TASK TO COMPLETE
Will you extract the entries word for word? Images should not appear in the copy.

DATA FOR THIS EXERCISE
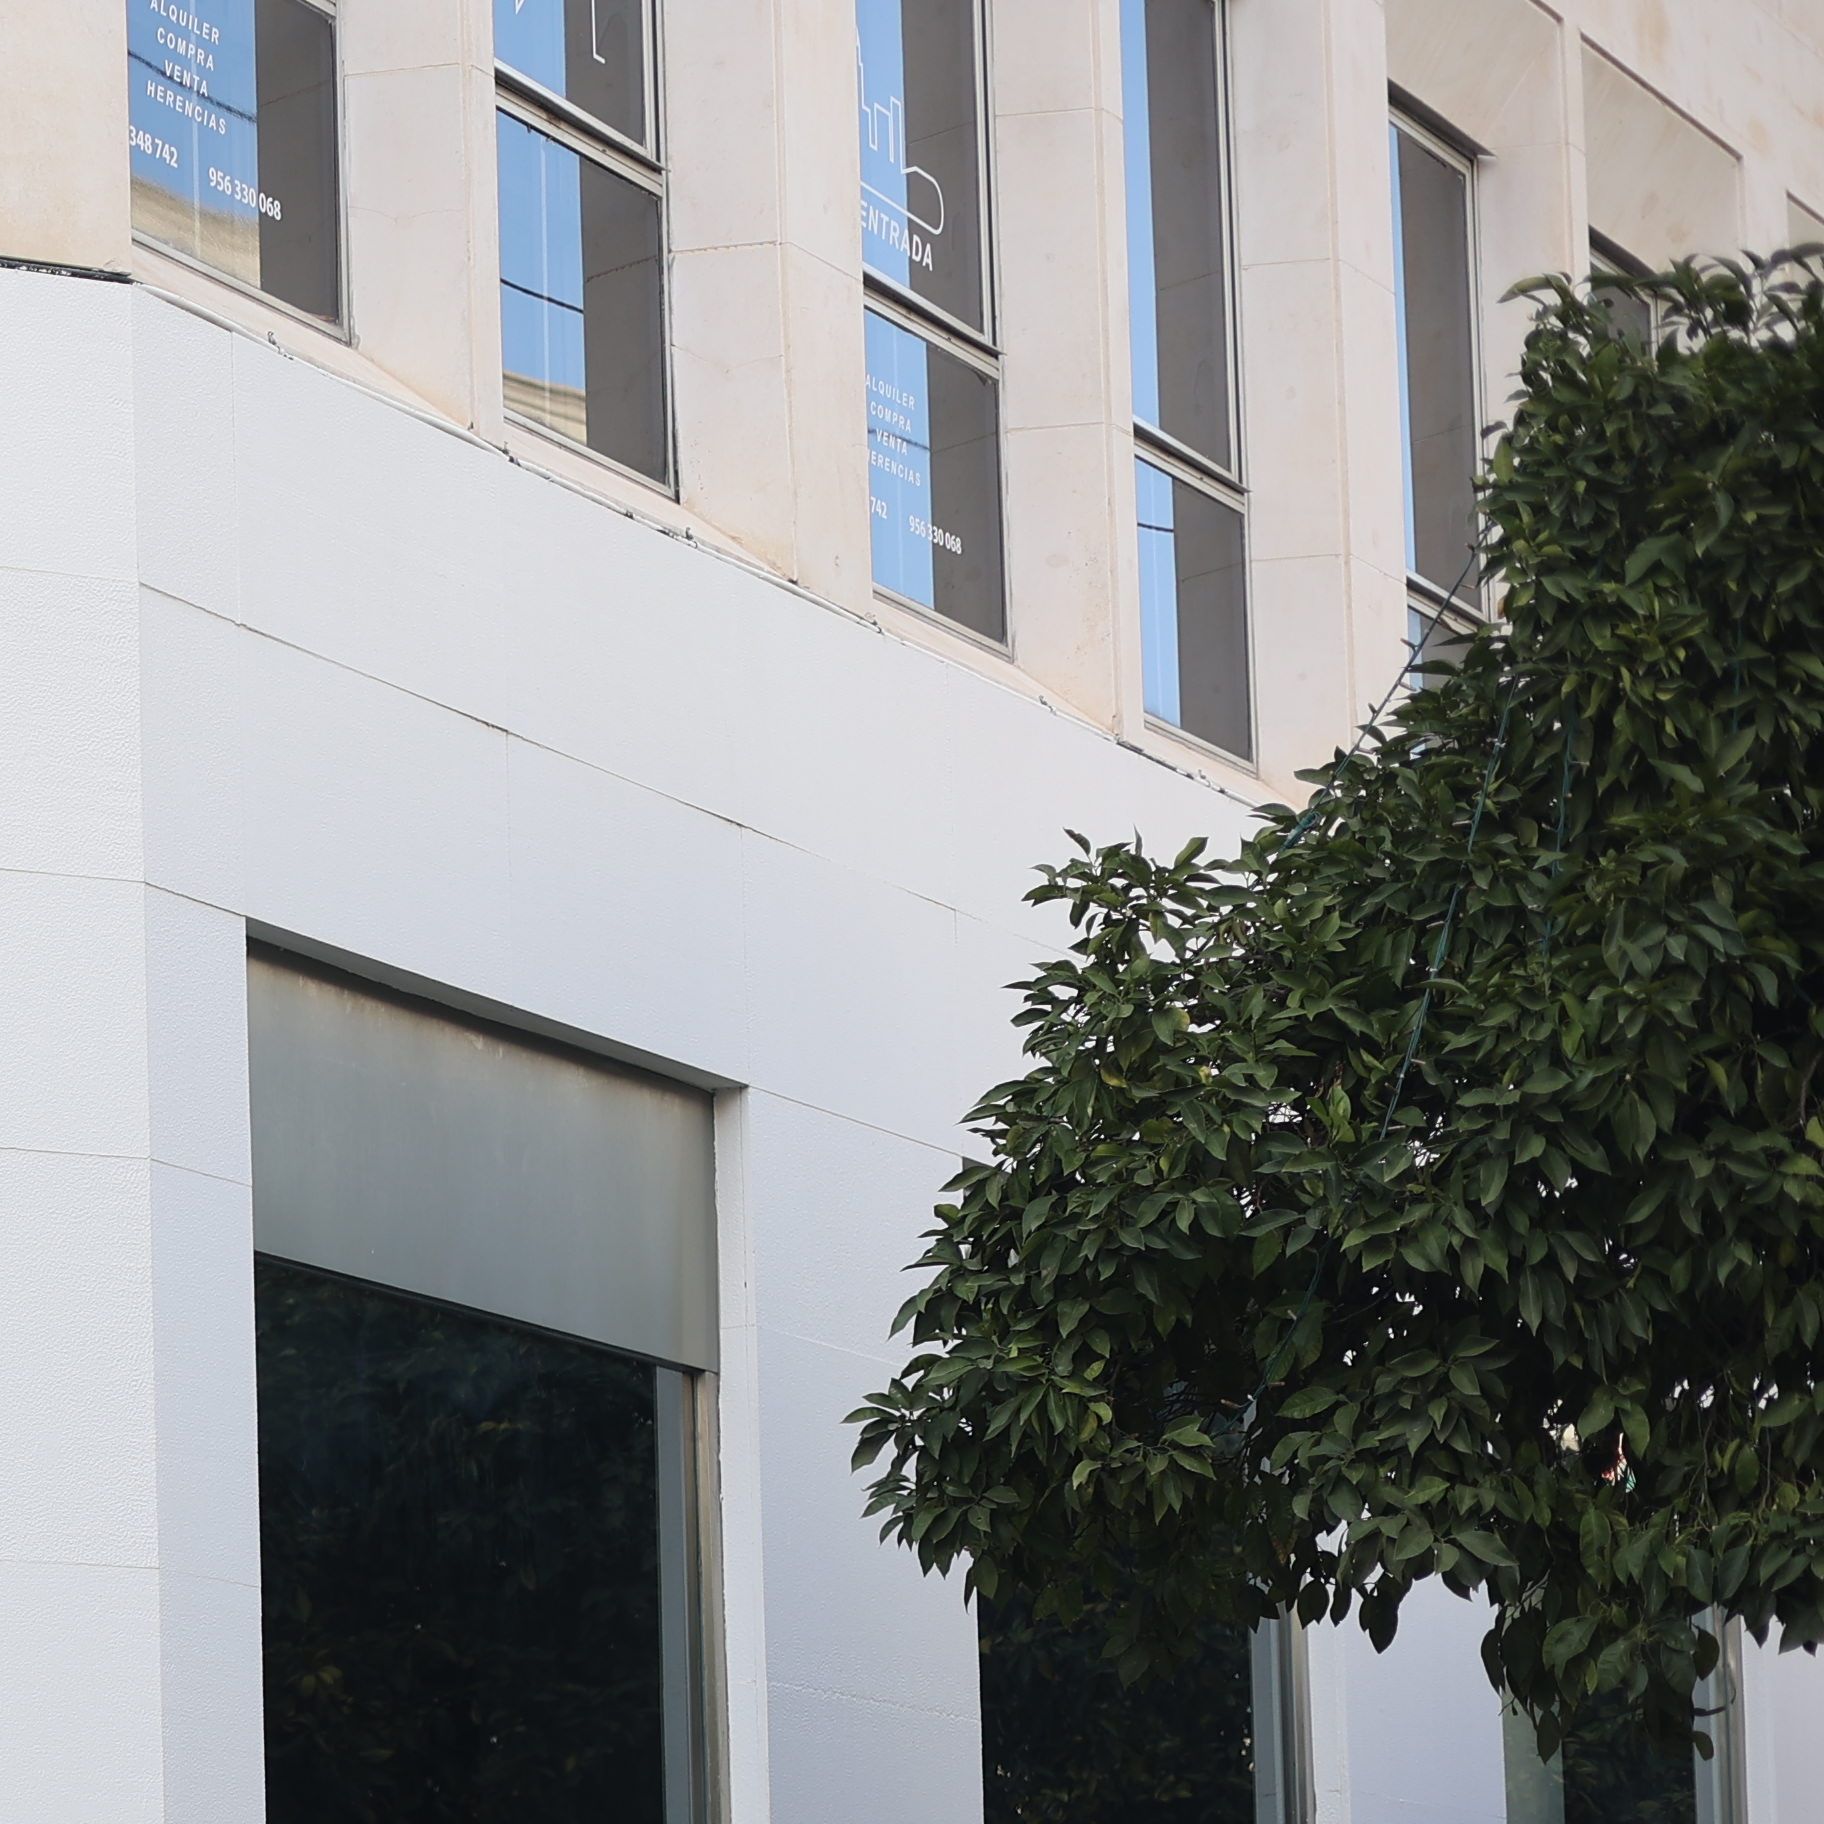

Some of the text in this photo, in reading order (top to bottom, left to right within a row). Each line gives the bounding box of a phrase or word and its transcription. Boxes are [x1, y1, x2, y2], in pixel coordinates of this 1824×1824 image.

[150, 0, 220, 45] ALQUILER
[157, 28, 214, 71] COMPRA
[165, 60, 208, 97] VENTA
[147, 80, 226, 135] HERENCIAS
[129, 126, 178, 168] 348 742
[208, 167, 282, 221] 956 330 068
[860, 200, 933, 272] ENTRADA
[866, 374, 915, 410] ALQUILER
[870, 401, 912, 433] COMPRA
[876, 428, 909, 456] VENTA
[870, 496, 888, 519] 742
[909, 515, 962, 555] 956 330 068
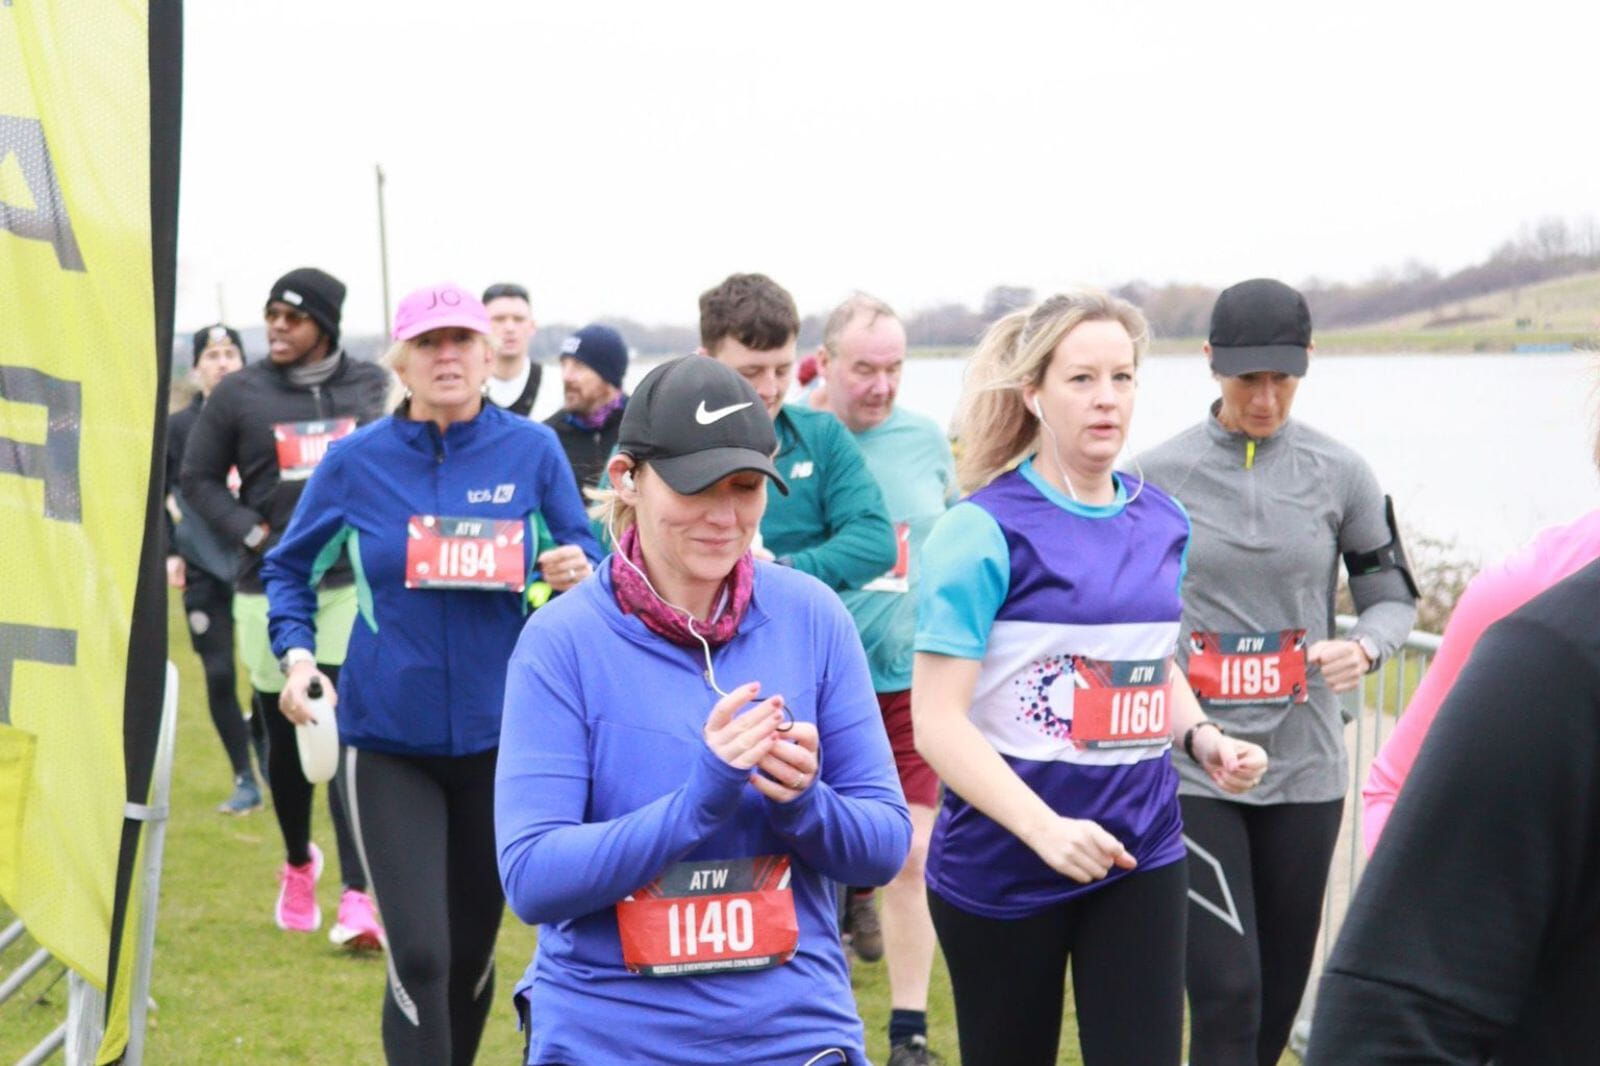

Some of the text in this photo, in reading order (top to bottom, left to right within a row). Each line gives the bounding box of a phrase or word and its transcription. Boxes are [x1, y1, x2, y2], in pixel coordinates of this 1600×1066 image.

[427, 289, 461, 310] JO
[455, 521, 483, 536] ATW
[439, 541, 497, 577] 1194
[1236, 637, 1265, 653] ATW
[1129, 665, 1156, 683] ATW
[1221, 656, 1281, 695] 1195
[1110, 689, 1165, 735] 1160
[689, 869, 729, 891] ATW
[668, 899, 754, 957] 1140
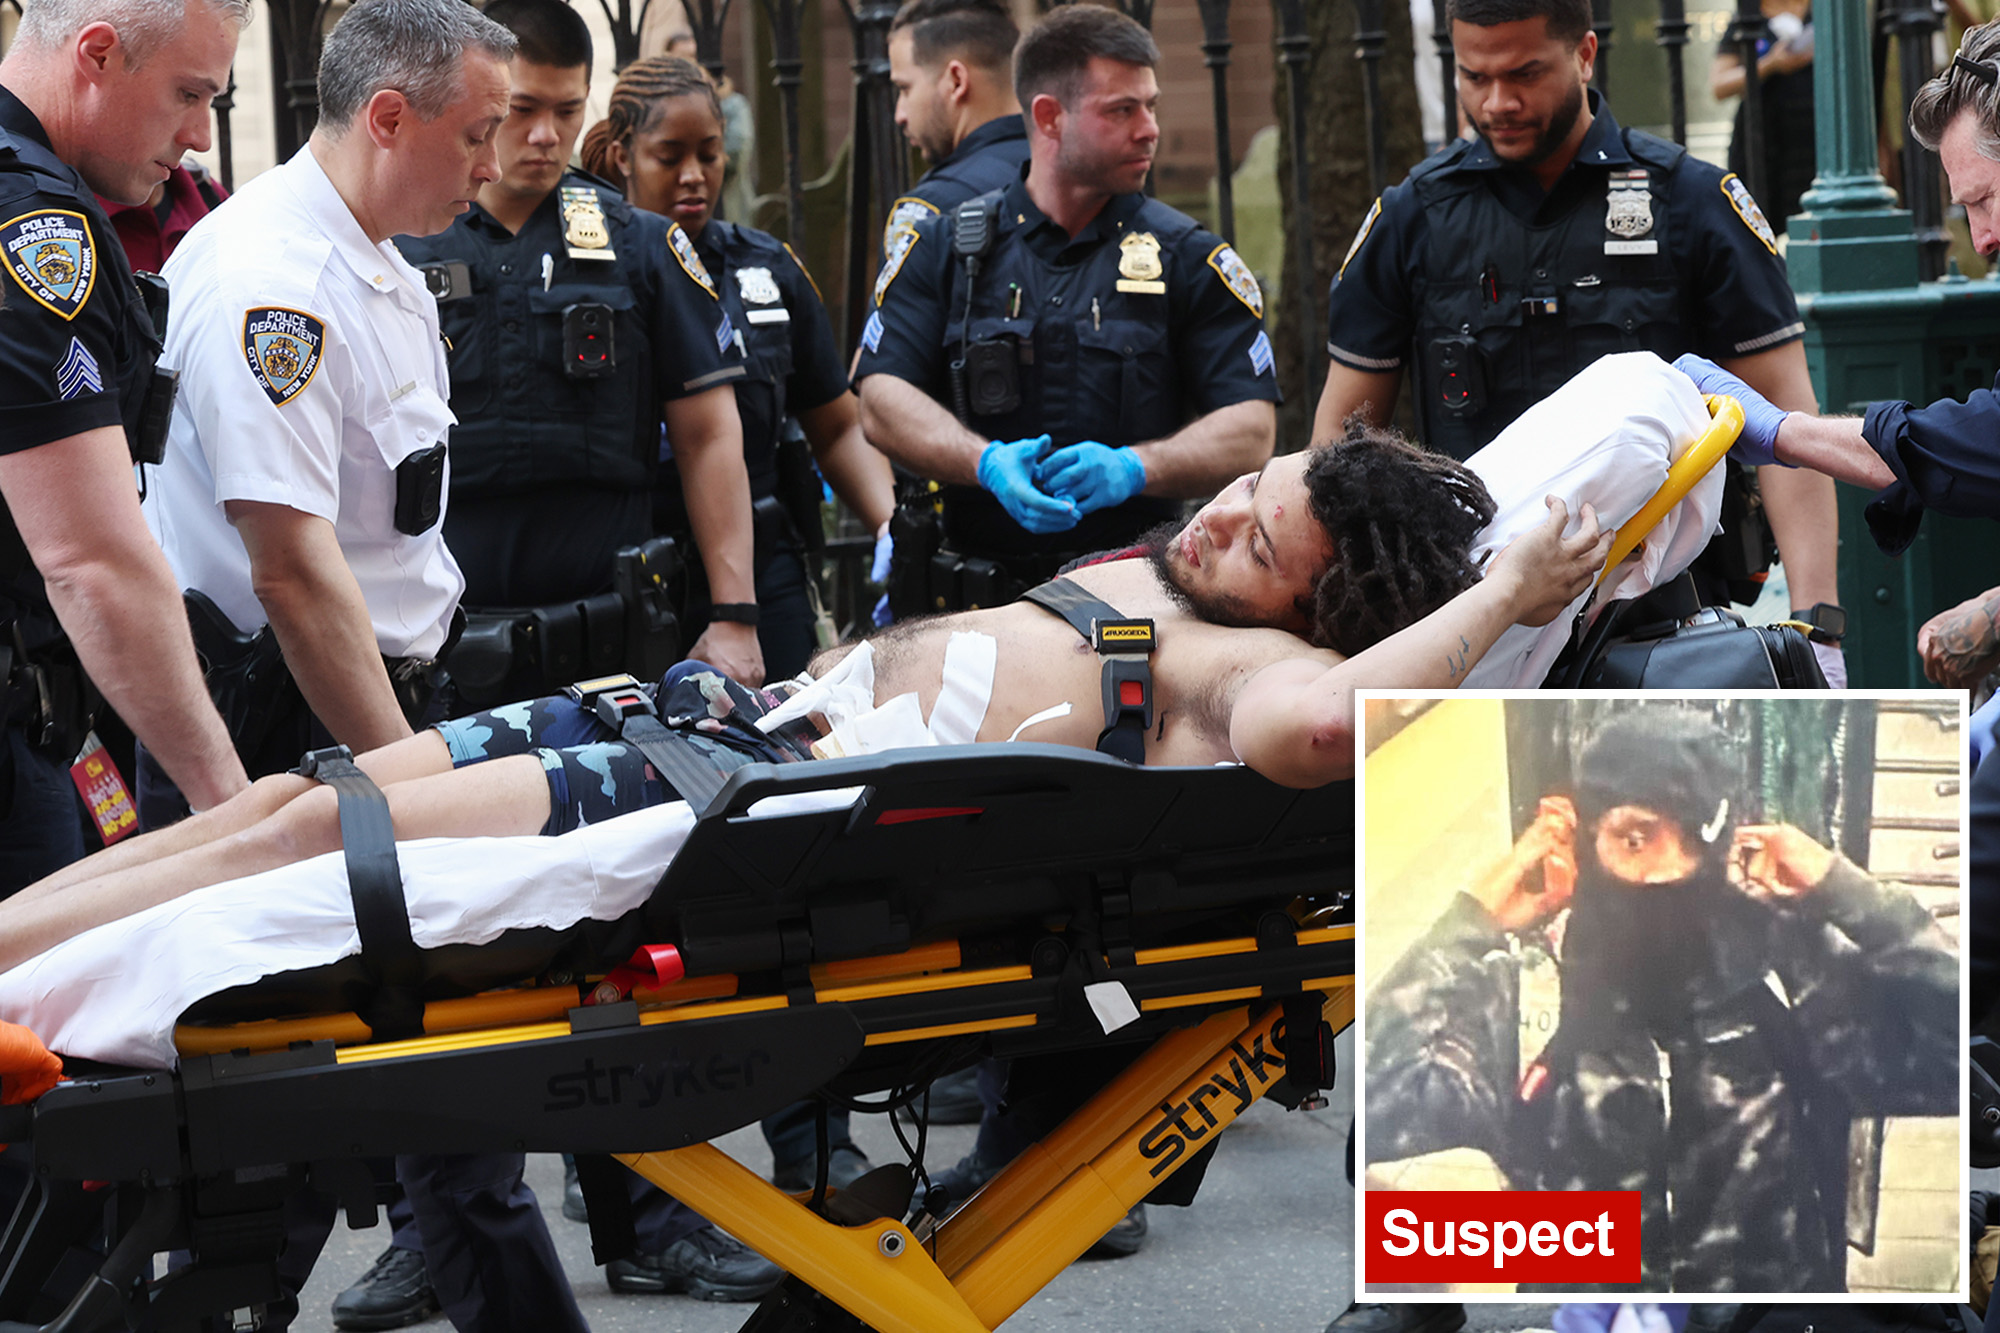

YOUR SOLUTION
Some of the text in this photo, in reading order (top to bottom, left to right within a row). Each line gives the bounding box of a phrase or word and its transcription. Boxes are [x1, y1, x2, y2], in pixel coordinates of this 1824×1824 image.

[150, 0, 220, 45] ALQUILER
[157, 28, 214, 71] COMPRA
[165, 60, 208, 97] VENTA
[147, 80, 226, 135] HERENCIAS
[129, 126, 178, 168] 348 742
[208, 167, 282, 221] 956 330 068
[860, 200, 933, 272] ENTRADA
[866, 374, 915, 410] ALQUILER
[870, 401, 912, 433] COMPRA
[876, 428, 909, 456] VENTA
[870, 496, 888, 519] 742
[909, 515, 962, 555] 956 330 068

Some of the text in this photo, in reading order (top to bottom, left to right within a row). Each line gives the bounding box of a phrase or word and its transcription. Boxes are [x1, y1, x2, y2], in pixel coordinates of this 1600×1066 image.

[427, 289, 461, 310] JO
[455, 521, 483, 536] ATW
[439, 541, 497, 577] 1194
[1236, 637, 1265, 653] ATW
[1129, 665, 1156, 683] ATW
[1221, 656, 1281, 695] 1195
[1110, 689, 1165, 735] 1160
[689, 869, 729, 891] ATW
[668, 899, 754, 957] 1140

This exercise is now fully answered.